Just yesterday the Nigerian Hon.
Minister of Health Prof. Isaac Adewole urged Nigerians to remain calm about the on-going reports on Monkey Pox outbreak in the state of Bayelsa. He said that suspected patients are currently been quarantined and medical facilities have been put on alert. In his own words ‘investigation is still on-going and our partners are working with us on this reported outbreak, while the NCDC team in Bayelsa state would give support’.
Well, I’m a microbiologist so I thought I’ll enlighten us briefly on this disease. First of all, we need to know what a virus is. A virus is a microscopically minute, metabolically inert, obligate intracellular parasite (this means it cannot live outside of its host, in this case living organisms). Monkeypox disease is caused by Monkeypox virus. This virus belongs to the orthopoxvirus group, which includes the popular smallpox and cowpox you know. It is also a zoonotic diseases; this simply means it can be transmitted from animals to humans.
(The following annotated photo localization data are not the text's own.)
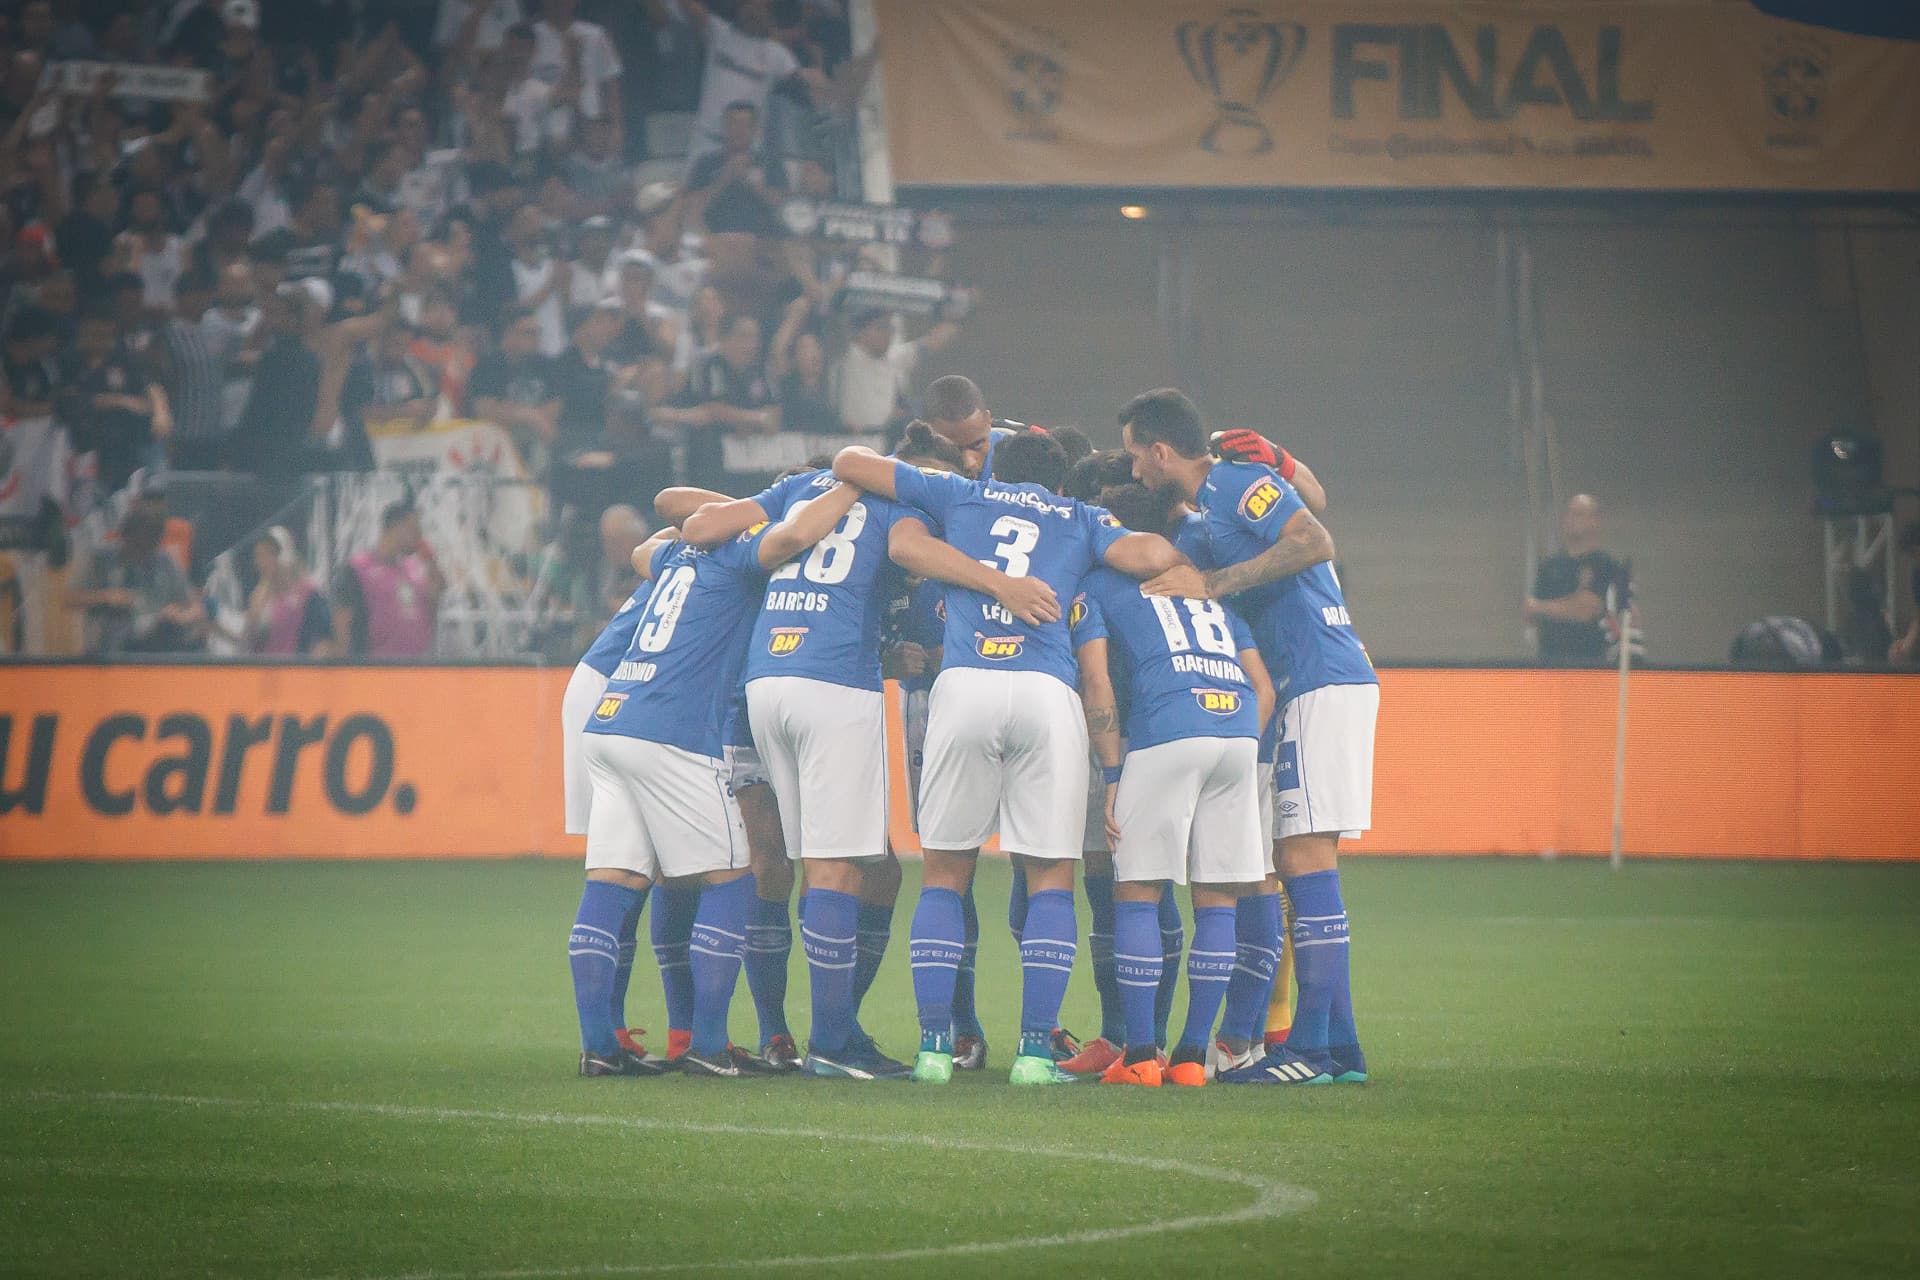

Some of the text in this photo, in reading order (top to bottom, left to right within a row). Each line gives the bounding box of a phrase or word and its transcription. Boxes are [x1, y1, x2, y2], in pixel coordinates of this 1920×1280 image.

[1331, 23, 1654, 121] FINAL
[1247, 483, 1280, 518] BH
[979, 515, 1040, 578] 3
[766, 591, 829, 612] BARCOS
[1140, 590, 1236, 658] 18
[1171, 654, 1246, 684] RAFINHA
[1204, 693, 1235, 710] BH
[80, 710, 420, 819] carro.
Its symptoms are similar to that of small pox but milder; they include fever, muscle ache, head ache, back ache, swollen lymph nodes and fatigue. Rashes appear that eventually turn out to be fluid-filled bumps. The bumps eventually dry up and fall off the skin.
Beware friends. You can get monkey pox when bitten by an infected animal, or when you touch its blood, rash or other body fluids. I think if you breathe close to an infected human for a long period time, you can be infected too. You can also get it when you touch body fluids, cloths, beddings, or other objects of an infected person.
I cannot think of any known treatment of monkeypox virus, but don’t be scared, death occurs in very few cases often due to inadequate nutrition and medical attention. It is important also to know that if you receive a smallpox vaccine, you will decrease your chances of contacting monkeypox. Ciao.